EIN FRIVOLES PAAR
Erst das Satyrspiel, dann die Tragödie: Zehn Monate vor Massenets «Thaïs», im Mai 1893, brachte Camille Saint-Saëns seine in Windeseile komponierte Opéra comique «Phryné» auf ein Libretto von Lucien Augé de Lassus heraus.

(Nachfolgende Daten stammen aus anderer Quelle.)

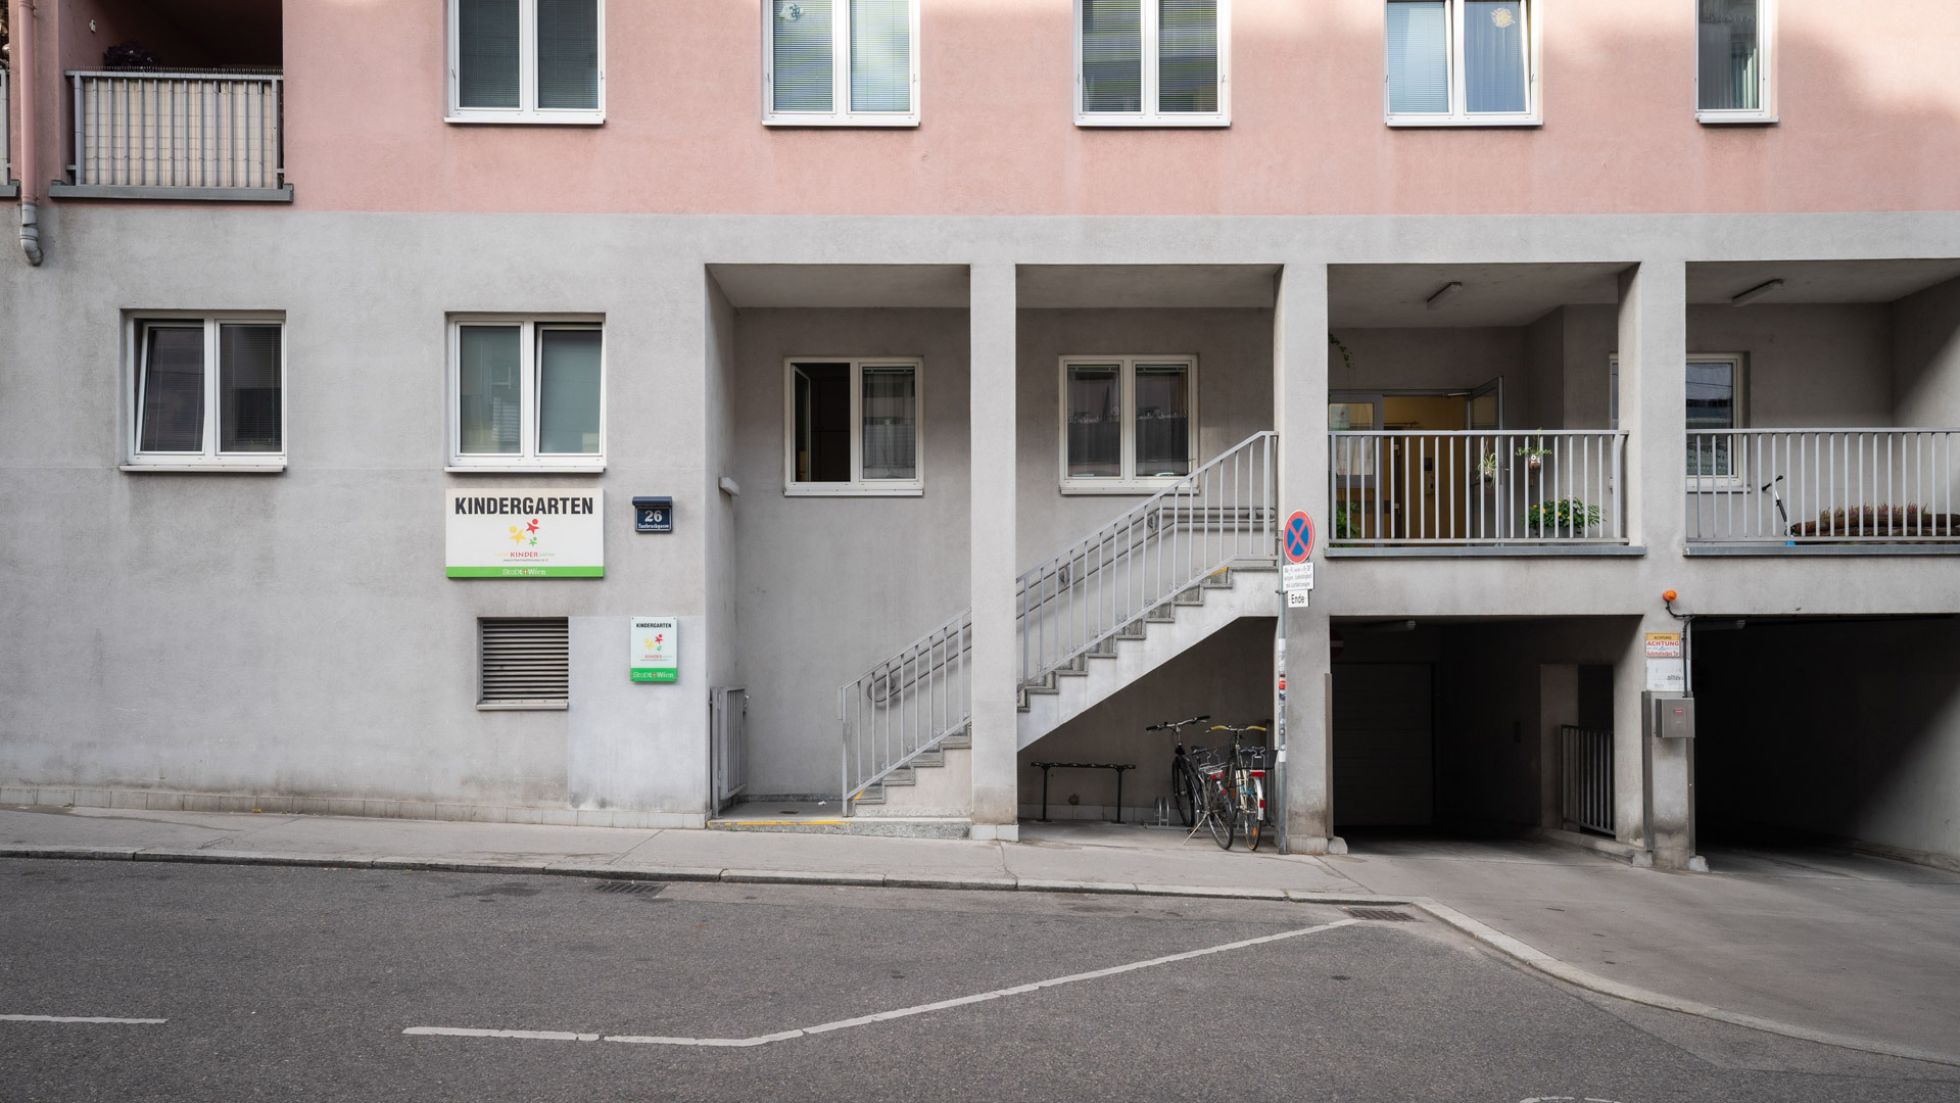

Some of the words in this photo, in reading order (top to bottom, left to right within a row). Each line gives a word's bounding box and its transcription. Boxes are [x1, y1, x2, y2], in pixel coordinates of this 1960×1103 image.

[455, 497, 593, 515] KINDERGARTEN
[644, 510, 663, 522] 26
[1291, 593, 1305, 604] Ende

Dem tragischen Paar, einem erotisch verquälten Mönch aus der thebaischen Wüste und einer frömmelnden alexandrinischen Kurtisane, die ekstatisch im Frieden des Herrn stirbt, ging ein frivoles Paar voraus: Nicias, ein heiterer, schuldenmachender Luftikus, und die im Glanz ihrer heidnischen Schönheit erstrahlende Kokotte Phryné, die der Fama nach dem Praxiteles als Modell für seine Aphrodite-Statue gedient hatte. Massenet war seit 1892 an der Arbeit, Louis Gallet (der mehrfach als Librettist für beide Komponisten tätig war) hatte das «Thaïs»-Libretto, in dem auch ein leichtlebiger Nicias vorkam, nach einem Erfolgsroman von Anatole France verfasst. Man kannte also das Projekt und wusste vorab von der Handlung. Die für die Rolle der Thaïs vorgesehene Sibyl Sanderson war zudem auch Saint-Saëns’ Sängerin. Erstaunlich, dass diese polemische Situation, in der Saint-Saëns mit witzig leichter Hand seine Ästhetik skizziert, bisher in all ihren Facetten nicht erkannt worden ist. ...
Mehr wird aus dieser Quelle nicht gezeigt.